Solicitor entitled to damages in Anglo case

Judge rules plaintiff was seriously misled and Anglo engaged in misrepresentations

A solicitor who was one of several "high-net-worth" individuals who separately invested sums totalling £51 million in a redevelopment that never proceeded is entitled to damages over "seriously misleading" negligent misrepresentations by the former Anglo Irish Bank concerning that project, the Court of Appeal has ruled.

The amount of damages for John Spencer – whose equity from his £1 million investment of 2005 in the planned redevelopment of Whitgift Shopping Centre, Croydon, London, was zero by 2010 – will be assessed later by the High Court.

Mr Spencer, a Nenagh-based solicitor who in 2005 had a portfolio of about 15 properties in Ireland and England, anticipated a return of some 220 per cent on his Whitgift investment, the High Court had heard.
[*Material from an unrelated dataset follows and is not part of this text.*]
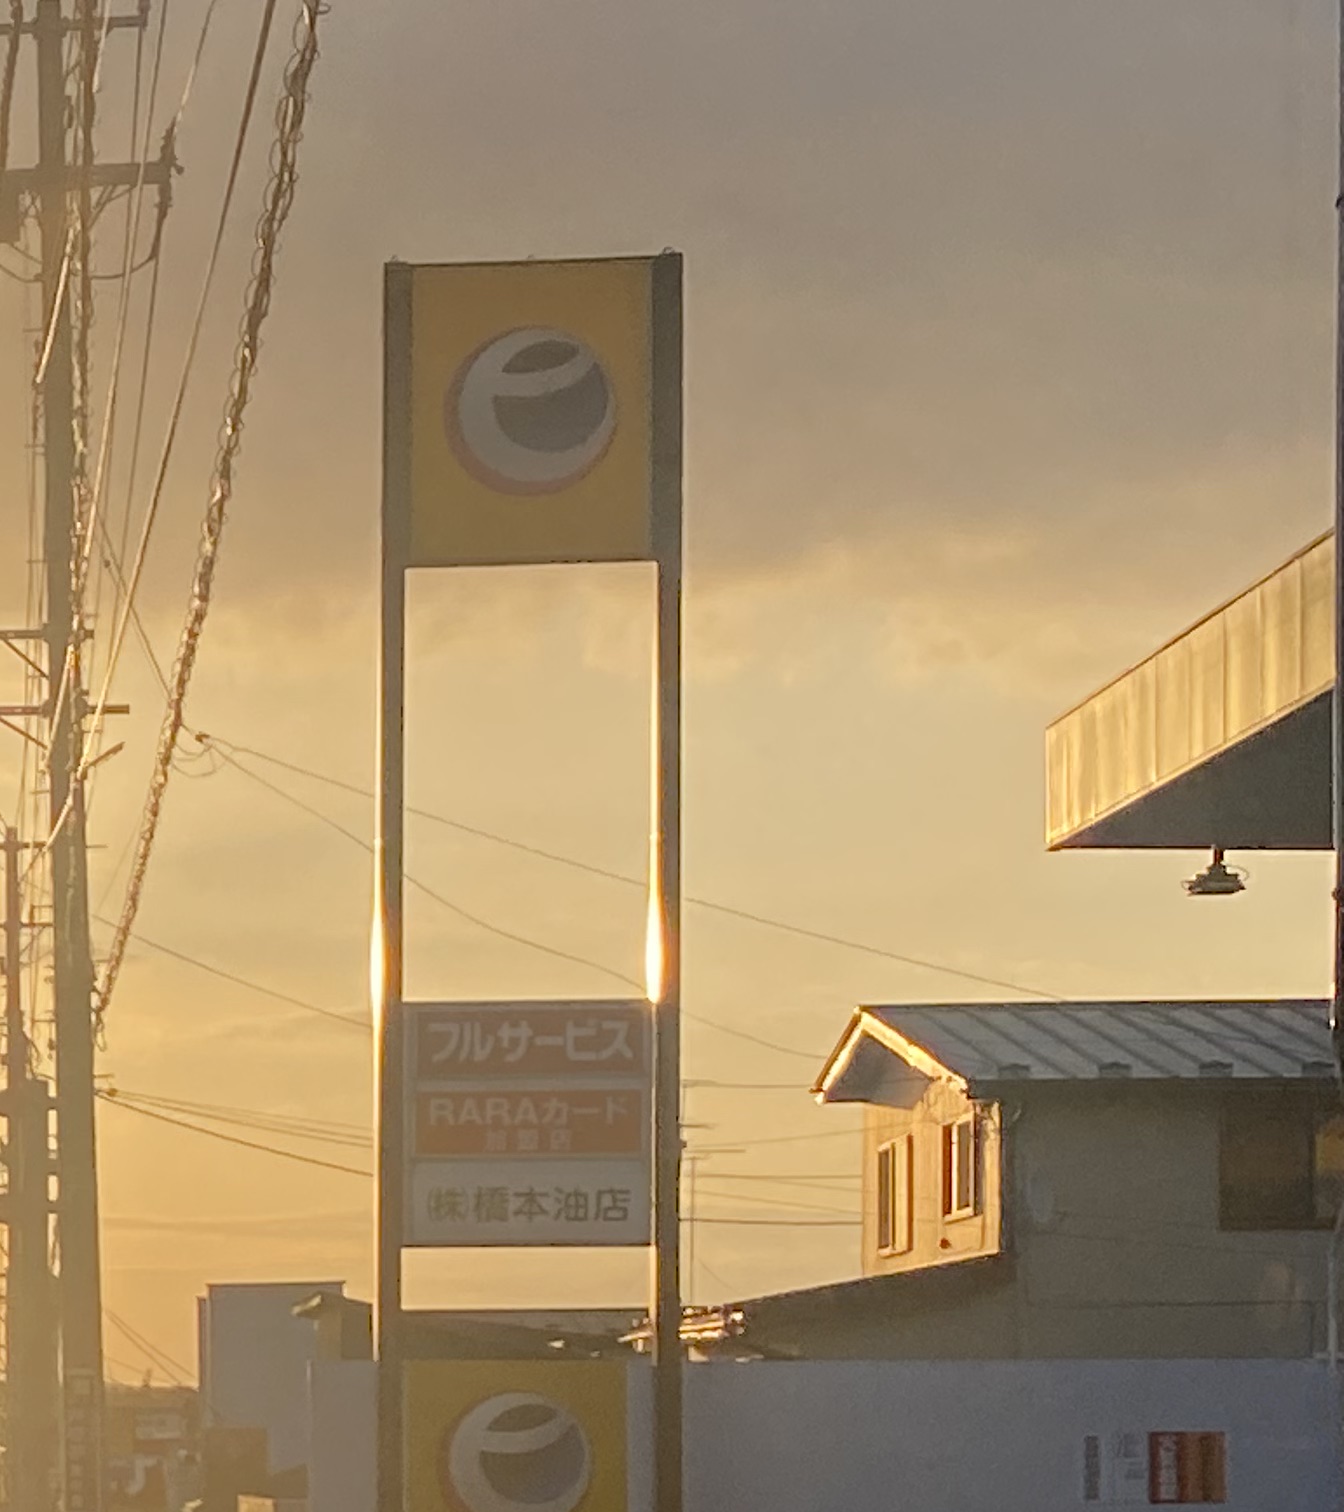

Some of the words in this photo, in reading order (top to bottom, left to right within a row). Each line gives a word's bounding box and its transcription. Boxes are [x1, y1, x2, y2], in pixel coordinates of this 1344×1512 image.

[427, 1019, 635, 1063] フルサービス
[429, 1096, 629, 1126] RARAカード
While this was a high-risk investment, even those who invest in such projects “are entitled to be protected by the law in respect of negligence and misrepresentation”, Mr Justice Gerard Hogan said.


The “sorry events” in this case – “a veritable Pelion of misrepresentations heaped upon an Ossa of negligence” – bring little credit to the bank whose conduct fell below the standards of responsibility the court has every right to expect and demand from the holder of a banking licence and its employees, he said.


He was giving the three-judge court’s judgment allowing Mr Spencer’s appeal over the High Court’s dismissal of his claim for damages for negligent misstatement and misrepresentation in statements made to him by the bank in 2005 concerning a proposed redevelopment of the Whitgift centre by a joint venture involving the bank and Howard Holdings, an Irish and UK-based property development company.

Under that, the bank was to provide a £166 million debt facility and raise £51 from its client base of high-net-worth individuals.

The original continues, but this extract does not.